Consider BHP, one of the world’s leading resource companies. In its mining business, BHP has taken a series of aggressive actions over the last four years to better manage risk and value in non-operated ventures following a major HSE incident at Samarco, a 50:50 JV in Brazil in which a tailings dam collapse resulted in 19 fatalities, extensive environmental damage, and multi-billion dollar fines. In 2016, the company created a new executive role – Asset President of Non-Operated Joint Ventures – with a dedicated team to manage its non-operated mining assets.

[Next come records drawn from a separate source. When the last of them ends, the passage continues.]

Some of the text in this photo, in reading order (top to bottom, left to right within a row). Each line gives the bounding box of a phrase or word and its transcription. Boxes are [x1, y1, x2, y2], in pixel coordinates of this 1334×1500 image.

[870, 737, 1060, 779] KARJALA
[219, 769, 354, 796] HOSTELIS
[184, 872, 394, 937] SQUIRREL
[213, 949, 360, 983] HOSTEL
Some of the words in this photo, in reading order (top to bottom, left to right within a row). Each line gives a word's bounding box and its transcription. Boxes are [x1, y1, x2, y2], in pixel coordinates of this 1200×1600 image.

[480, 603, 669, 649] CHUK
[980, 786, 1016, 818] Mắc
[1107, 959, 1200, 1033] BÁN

Under this structure, BHP established a set of JV governance standards which define minimum expectations for how it organizes and conducts itself in non-operated ventures, and it now audits its non-operated teams against those standards. BHP significantly upgraded the training and ongoing education of its JV Board and committee members, including legal and compliance training as well as influencing, negotiation, and effectiveness training. It established new performance management processes for non-operated assets – processes built around annual influencing plans and key focus areas to drive prioritization. It provides regular updates to the company’s executive leadership team and Board on the non-operated ventures, and regularly engages with its institutional investors on how it is managing non-operated assets. Every three years, it sponsors an independent review of the governance of its joint ventures in both minerals and petroleum. BHP has also taken a leadership role in the mining industry, catalyzing an industry conversation and sponsoring forums on joint venture governance. BHP has also started to provide greater public transparency on its non-operated ventures, with separate reporting on non-operated asset emissions and community spend.

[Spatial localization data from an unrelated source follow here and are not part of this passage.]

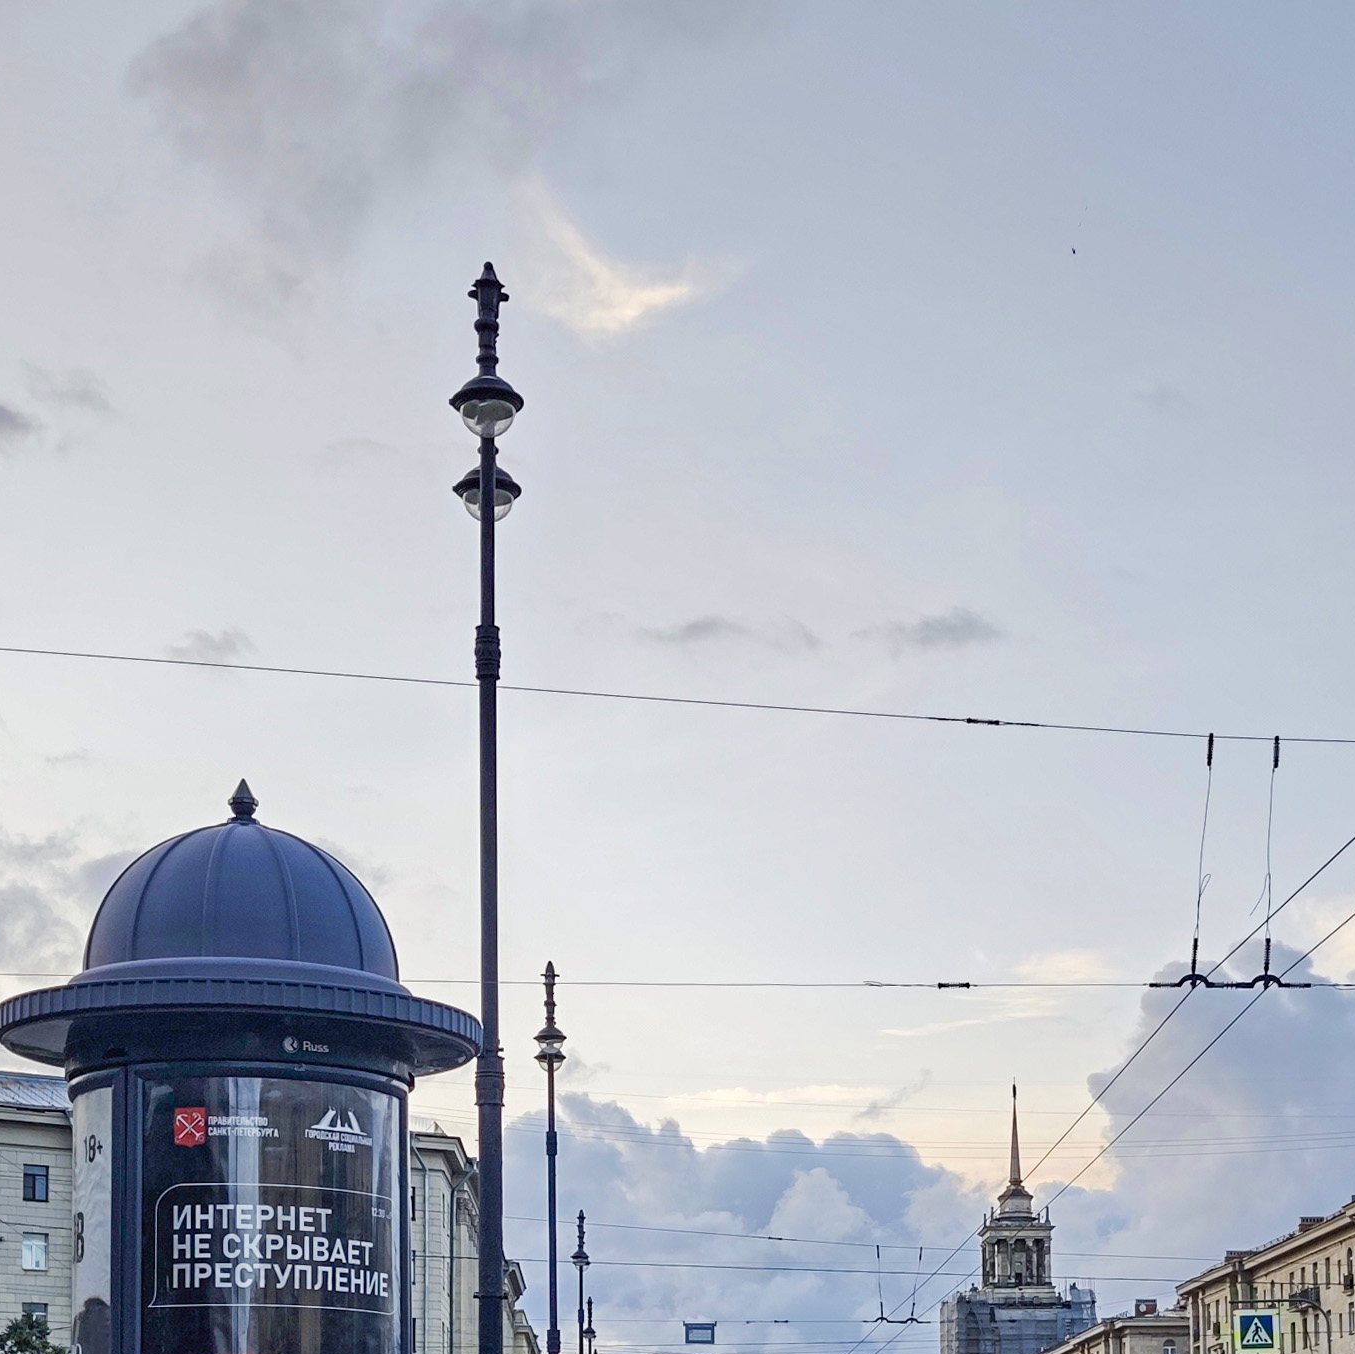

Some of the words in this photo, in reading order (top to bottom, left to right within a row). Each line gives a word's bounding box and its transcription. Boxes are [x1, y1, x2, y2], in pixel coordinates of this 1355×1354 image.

[302, 1040, 330, 1053] Russ
[207, 1116, 269, 1127] ПРАВИТЕЛЬСТВО
[207, 1127, 280, 1138] САНКТ-ПЕТЕРБУРГА
[304, 1129, 340, 1141] ГОРОДСКАЯ
[84, 1134, 103, 1163] 18+
[328, 1142, 356, 1153] РЕКЛАМА
[172, 1203, 333, 1233] ИНТЕРНЕТ
[172, 1233, 212, 1260] НЕ
[222, 1233, 374, 1266] СКРЫВАЕТ
[172, 1262, 389, 1298] ПРЕСТУПЛЕНИЕ

Another standout is SABIC, the world’s fourth-largest chemical company. In 2015, the company created a new corporate function, Joint Venture Affairs, with the goal of bringing added focus and greater internal integration to the company’s 40-plus joint ventures and affiliates. The Joint Venture Affairs unit is led by a corporate vice president – a role that initially reported directly to the CEO, and now reports to the CFO.

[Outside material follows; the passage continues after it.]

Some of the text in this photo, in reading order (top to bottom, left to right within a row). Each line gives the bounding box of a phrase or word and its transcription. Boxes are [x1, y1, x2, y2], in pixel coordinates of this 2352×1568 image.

The SABIC JV Affairs team’s mandate is threefold: develop and oversee the implementation of corporate joint venture standards and processes, provide venture management support to all joint ventures and affiliates, and help structure and perform due diligence on potential JV transactions and restructurings. Over the last five years, the unit has created and operationalized an impressive list of joint venture practices, including JV Board Director training, regular JV Board and Director assessments, and the adoption of annual influence and engagement plans for each venture. It has put in place new corporate performance management processes, including annual strategic asset reviews that challenge each venture to look critically at long-term strategic fit, partner alignment, and relationship strength, as well as performance and risks. On the transaction side, not only does the SABIC JV Affairs team have a small team focused on supporting JV transactions and renewals, but it also has developed JV major clauses guidance that establish standard principles for key joint venture contractual provisions and terms, with any deviations requiring formal approval of the SABIC Investment Committee. SABIC also now performs joint venture post-close lookbacks to evaluate and capture learnings from each transaction.

Unlike BHP, the SABIC JV Affairs unit does not hold direct P&L for individual ventures – which resides with designated executives across the company who serve on the JV Boards. Nonetheless, the unit contains a team of about 20 who are deeply involved in supporting those accountable executives and in the day-to-day engagement with external and internal stakeholders. Recently, as testament to it success, the scope of the VP-JV Affairs role was expanded to include all of M&A, which will strengthen their application of joint venture transaction and investment practices.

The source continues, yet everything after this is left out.